◆ **TASK PROMPT**: Once the pictures are set aside, copy everything else in the records exactly.

◆ **DATA EXTRACTS**:
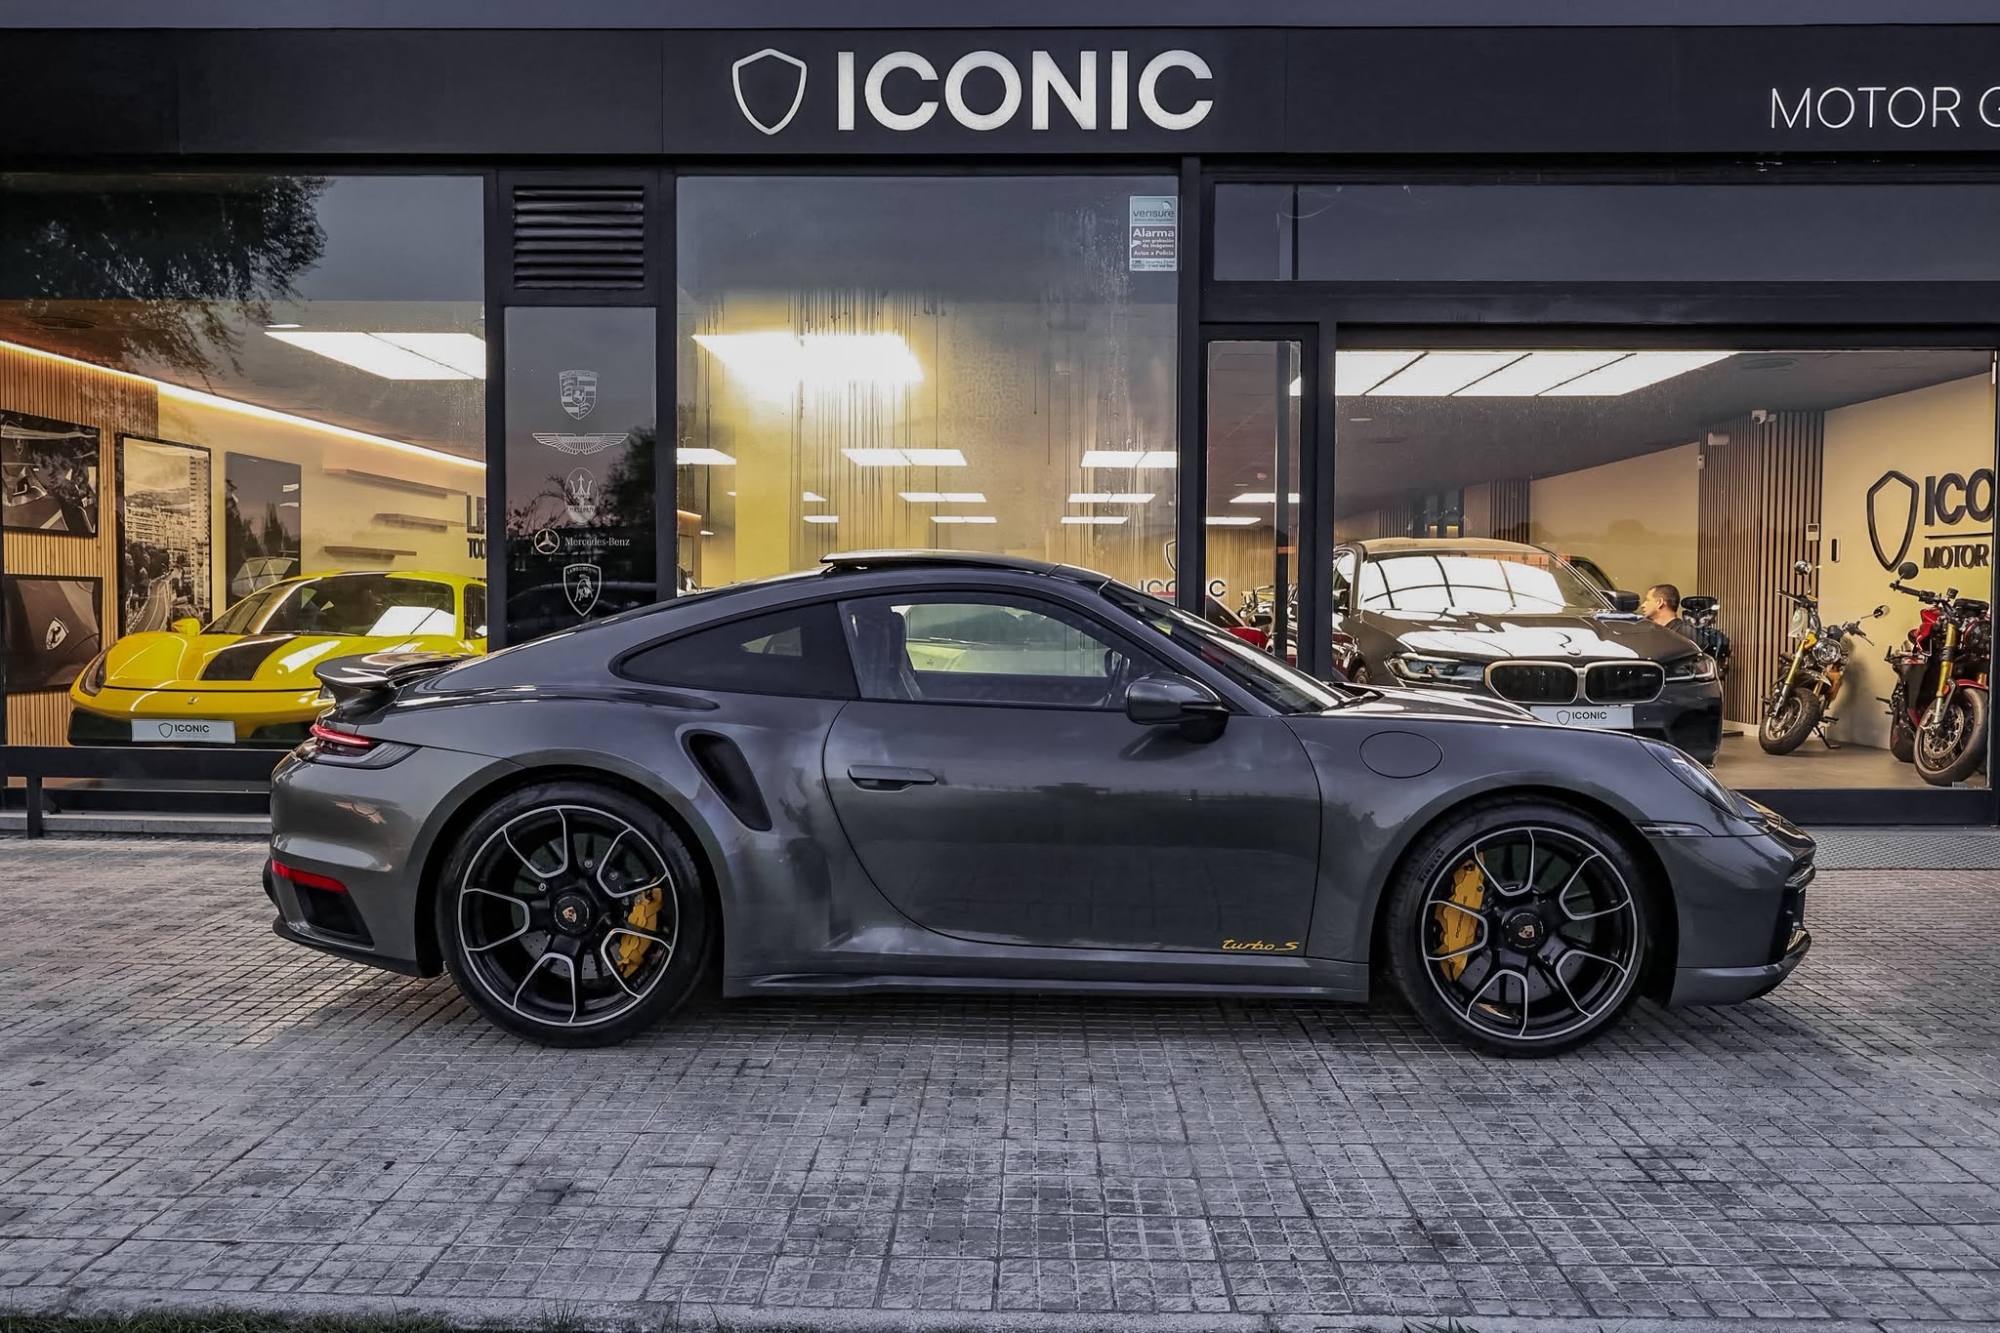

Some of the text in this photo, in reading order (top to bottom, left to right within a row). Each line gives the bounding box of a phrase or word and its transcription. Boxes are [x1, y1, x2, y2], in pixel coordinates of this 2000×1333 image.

[837, 50, 1213, 131] ICONIC
[1770, 86, 1961, 129] MOTOR
[1133, 228, 1174, 237] Alarma
[565, 537, 630, 546] Mercedes-Benz
[1923, 544, 1989, 569] MOTOR
[1572, 711, 1607, 719] ICONIC
[174, 724, 210, 733] ICONIC
[1222, 939, 1275, 950] turbo

◆ **RESULT OF THIS EXERCISE**:
Some of the text in this photo, in reading order (top to bottom, left to right within a row). Each line gives the bounding box of a phrase or word and its transcription. Boxes are [x1, y1, x2, y2], in pixel coordinates of this 2000×1333 image.

[837, 50, 1213, 131] ICONIC
[1770, 86, 1961, 129] MOTOR
[1133, 228, 1174, 237] Alarma
[565, 537, 630, 546] Mercedes-Benz
[1923, 544, 1989, 569] MOTOR
[1572, 711, 1607, 719] ICONIC
[174, 724, 210, 733] ICONIC
[1222, 939, 1275, 950] turbo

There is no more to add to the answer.